The tumour we're looking at is a glioblastoma. I've done a little searching around for any info on transcriptional change, but I can't really be sure what the expected 'rate of change' is.

Looking through a paper on hypoxia and GBM (Li et al. 2009), it appears that once you stick either GSC or non-GSC GBM cells in culture for about 12 hours to a day, you can get hypoxia induced transcriptional changes in the space of hours (https://www.ncbi.nlm.nih.gov/pubmed/19477429). Korber et al.(2018) estimated that the cell division rate was about once in 10 days (lower bound) (https://www.sciencedirect.com/science/article/pii/S1535610819301023?via%3Dihub), while Lan and colleagues (2017) (https://www.nature.com/articles/nature23666#s1), for their model of mouse xenograft growth dynamics, estimated division rate to be about 0.02 to < 1.5 per day depending on whether a cell was a stem or progenitor cell.

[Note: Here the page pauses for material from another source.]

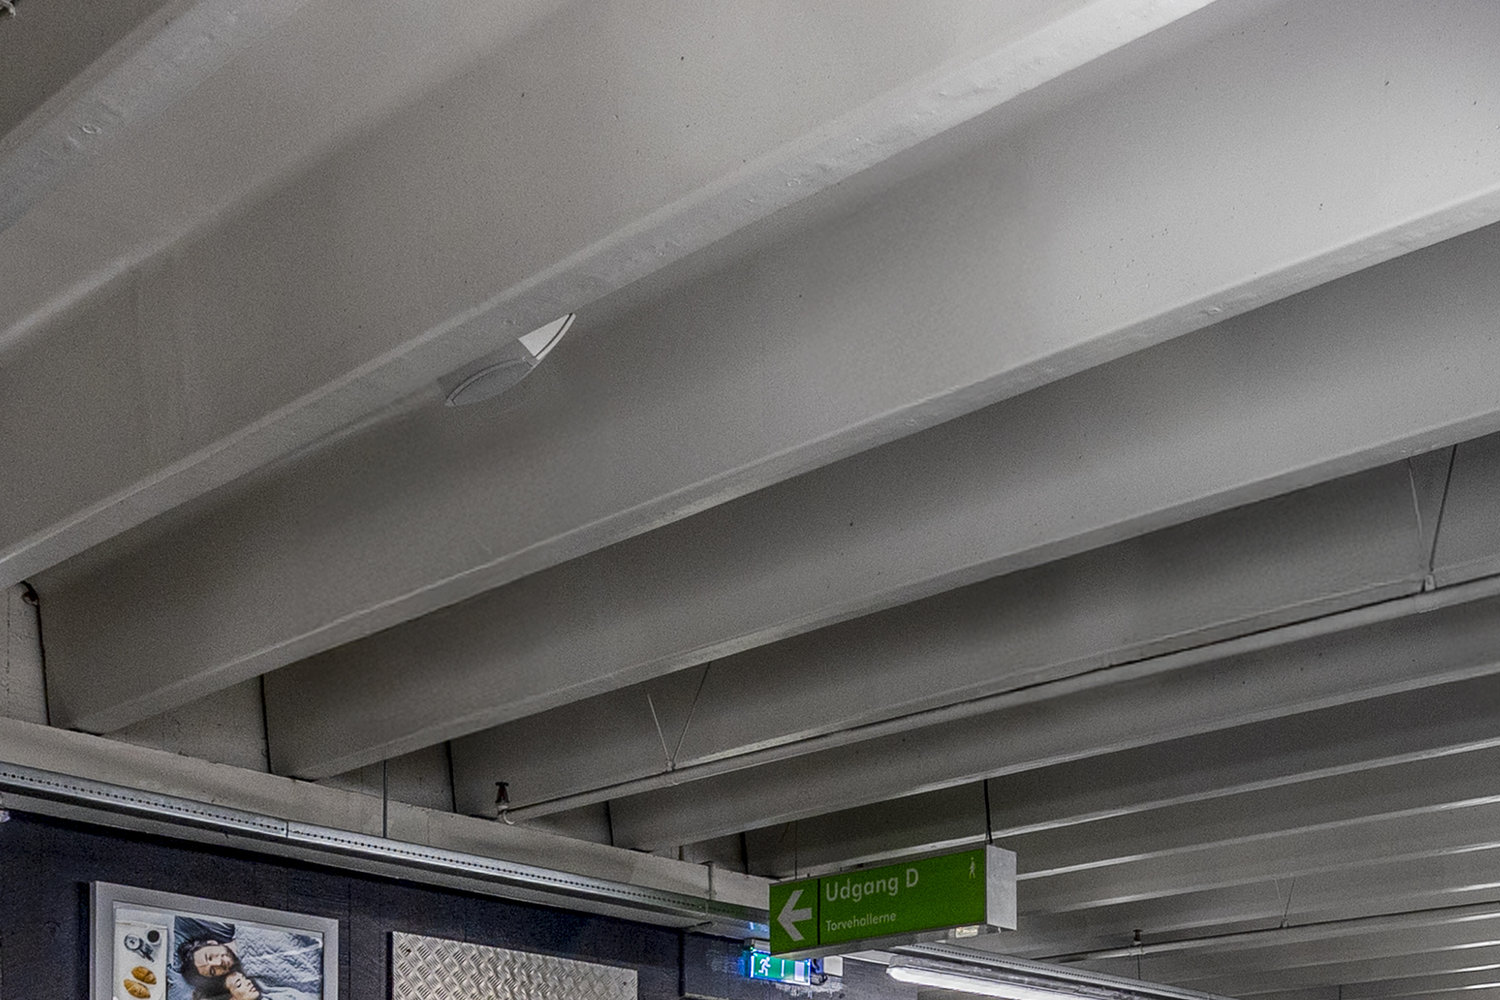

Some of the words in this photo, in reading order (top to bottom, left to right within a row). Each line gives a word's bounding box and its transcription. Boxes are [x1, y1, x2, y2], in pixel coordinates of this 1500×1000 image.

[826, 877, 899, 903] Udgang
[906, 867, 919, 888] D
[826, 912, 897, 932] Torvehallerne

While division rate may not directly correspond to transcriptional activity, I'd imagine that quiescent cells don't move very quickly in transcriptional space.

We are capable of getting larger arrows for the data I showed if we set minimum average expression per cell in at least 1 cluster to 2.0 for spliced genes and 0.05 for unspliced genes, but again, these are inconsistent, as shown in one of the correlation plots above.